The winter 2002 salary survey conducted by the National Association of Colleges and Employers (NACE) found that the top three specialty areas in which mechanical engineers were getting job offers were, in order, design engineering, project engineering, and (tied for third place) field and manufacturing engineering. The average starting salary reported was $48,733, which is up eight-tenths of a percent since last year.

“That’s pretty good news for mechanical engineers,” says Camille Luckenbaugh, employment information manager at NACE. “Many disciplines are seeing a decrease in salary offers.”

The U.S. Department of Labor’s Bureau of Labor Statistics reports in its 2002-03 edition Occupational Outlook Handbook that mechanical engineers held more than 220,000 jobs in 2000 (the latest year for which stats were available), and that half of them were in manufacturing.

“To be a sound mechanical engineer, you have to know how to make stuff,” says Phillips. “The American economy is still reliant on making things.” He alludes to the dotcom crash as evidence of what often happens to companies that sell services but don’t manufacture products.

Overall, the Handbook reports that employment for mechanical engineers is expected to grow about as fast as the average for all occupations through 2010, with info-, bio- and nanotechnology opening up a whole world of opportunities.

And take that “whole world” stuff seriously. The biggest companies that employ mechanical engineers—like Raytheon, Dow, Motorola, DuPont and the big consulting firms—have offices and clients all over the globe.

“One of the hardest things is to tell an eager new mechanical engineer that [his or her] job is in Singapore or Hong Kong,” says Phillips. But it happens all the time.

“Be flexible. Be mobile,” advises Phillips.

Be All That You Can Be

So you know the best grads will get diverse employment opportunities and decent pay. So how do you become the best?

Some of the answer is pretty obvious and some of it is less so. “Employers are expecting the base knowledge in math and engineering, of course,” Gutowski says, “but they also want presentation skills, interpersonal skills, teamwork skills, and the ability to set your problem in the context of the world.”
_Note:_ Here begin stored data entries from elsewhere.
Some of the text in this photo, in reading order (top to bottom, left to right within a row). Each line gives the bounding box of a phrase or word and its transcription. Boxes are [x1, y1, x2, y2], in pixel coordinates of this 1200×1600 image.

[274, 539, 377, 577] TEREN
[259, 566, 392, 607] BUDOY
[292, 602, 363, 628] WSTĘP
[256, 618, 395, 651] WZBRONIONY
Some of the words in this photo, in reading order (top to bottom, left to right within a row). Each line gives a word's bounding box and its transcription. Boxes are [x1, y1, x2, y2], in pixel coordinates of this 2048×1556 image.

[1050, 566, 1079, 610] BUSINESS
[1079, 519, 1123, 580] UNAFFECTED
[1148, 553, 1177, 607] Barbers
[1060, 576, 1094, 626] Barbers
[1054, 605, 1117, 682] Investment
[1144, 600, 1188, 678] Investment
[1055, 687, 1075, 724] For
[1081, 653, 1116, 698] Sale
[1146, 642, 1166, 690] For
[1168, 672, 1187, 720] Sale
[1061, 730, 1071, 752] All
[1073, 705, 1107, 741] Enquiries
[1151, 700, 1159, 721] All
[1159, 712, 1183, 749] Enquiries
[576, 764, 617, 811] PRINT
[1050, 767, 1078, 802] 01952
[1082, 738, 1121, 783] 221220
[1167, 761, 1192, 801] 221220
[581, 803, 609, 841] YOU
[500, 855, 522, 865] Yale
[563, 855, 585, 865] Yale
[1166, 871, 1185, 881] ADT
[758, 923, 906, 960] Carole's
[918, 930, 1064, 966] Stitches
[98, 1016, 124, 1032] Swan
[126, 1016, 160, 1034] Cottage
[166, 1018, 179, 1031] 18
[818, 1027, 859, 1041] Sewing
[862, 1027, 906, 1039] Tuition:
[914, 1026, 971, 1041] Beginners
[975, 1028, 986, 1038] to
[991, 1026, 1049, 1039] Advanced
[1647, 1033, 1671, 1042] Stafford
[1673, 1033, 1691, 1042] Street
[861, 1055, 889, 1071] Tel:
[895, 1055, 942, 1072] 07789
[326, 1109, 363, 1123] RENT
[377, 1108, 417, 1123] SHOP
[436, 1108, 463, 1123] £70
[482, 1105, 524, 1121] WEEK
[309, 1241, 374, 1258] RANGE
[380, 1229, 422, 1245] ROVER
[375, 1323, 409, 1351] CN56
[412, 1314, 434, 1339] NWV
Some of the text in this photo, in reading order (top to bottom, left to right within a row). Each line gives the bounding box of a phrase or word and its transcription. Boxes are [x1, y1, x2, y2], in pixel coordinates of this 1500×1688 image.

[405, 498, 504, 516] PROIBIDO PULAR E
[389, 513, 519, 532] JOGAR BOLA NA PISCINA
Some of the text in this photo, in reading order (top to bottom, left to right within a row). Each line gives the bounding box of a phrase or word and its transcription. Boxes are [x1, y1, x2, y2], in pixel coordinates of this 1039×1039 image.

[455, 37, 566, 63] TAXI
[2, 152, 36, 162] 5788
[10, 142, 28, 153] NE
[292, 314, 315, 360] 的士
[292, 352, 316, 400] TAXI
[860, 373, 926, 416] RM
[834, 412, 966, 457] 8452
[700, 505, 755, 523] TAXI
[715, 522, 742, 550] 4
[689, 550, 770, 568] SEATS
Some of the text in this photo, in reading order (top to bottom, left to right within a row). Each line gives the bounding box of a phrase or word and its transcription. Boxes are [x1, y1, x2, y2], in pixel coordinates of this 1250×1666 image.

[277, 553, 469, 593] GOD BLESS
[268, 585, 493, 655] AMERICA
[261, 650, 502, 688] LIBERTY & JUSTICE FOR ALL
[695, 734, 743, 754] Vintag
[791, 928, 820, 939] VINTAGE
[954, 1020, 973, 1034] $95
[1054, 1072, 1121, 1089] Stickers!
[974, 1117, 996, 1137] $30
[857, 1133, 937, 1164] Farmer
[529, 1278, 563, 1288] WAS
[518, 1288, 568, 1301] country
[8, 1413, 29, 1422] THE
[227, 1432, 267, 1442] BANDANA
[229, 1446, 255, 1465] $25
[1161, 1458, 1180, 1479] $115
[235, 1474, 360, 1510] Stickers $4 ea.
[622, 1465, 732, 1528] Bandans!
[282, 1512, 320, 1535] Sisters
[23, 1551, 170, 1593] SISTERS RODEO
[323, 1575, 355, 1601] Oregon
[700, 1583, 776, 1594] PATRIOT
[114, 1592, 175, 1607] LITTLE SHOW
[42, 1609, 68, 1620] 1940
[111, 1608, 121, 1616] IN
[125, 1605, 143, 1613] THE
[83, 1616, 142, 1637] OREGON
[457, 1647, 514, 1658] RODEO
What Raytheon wants from new engineers is energy. “We recruit at the college level, looking for people who want to learn, who are motivated, who bring a lot to the table in enthusiasm,” says Jacobs. “A high GPA is helpful, but it’s not primary.

“More and more communication skills are important,” Jacob adds, “because in such a large company in which we’re always trying to create an inclusive culture, people who work well with others become leaders.”

Don’t take this too casually. If you want to get a hold of one of those consulting jobs, for instance, you can’t just be a techie. Take it from Melissa Wood, recruitment manager at design consulting firm Burns & McDonnell: “As consultants, [our] mechanical engineers meet with clients all the time. They have to understand [clients’] needs and be flexible. They need excellent verbal and written communications skills. And it doesn’t hurt to take some balance of business courses.”

Speaking of more courses, you might be wondering if you should take two more years of them—getting a master’s degree. Our experts aren’t conclusive on this point.

“In the past,” says Gutowski, “people have said that ‘entry level’ means a master’s degree. That’s how you prove you really know your stuff.”

Speaking only for Burns & McDonnel, Wood says, “For our purposes, a master’s degree isn’t necessary. We hire in layers; to promote our current people we have to hire new people to take their place.”

Jacobs says of Raytheon: “We have opportunities for both [master’s and bachelor’s degree holders]. Contracts are always changing, so needs are always changing.”

“There is always a need for entry-level mechanical engineers,” asserts Phillips, “especially in larger firms where they can bring new things to an existing team. They might not be project managers immediately, but they are needed.”

Phillips cautions, however, that “upward mobility with a bachelor’s degree is very possible, but you must be prepared to continue learning.”

Liz Harmon is a former editor for Graduating Engineer & Computer Careers.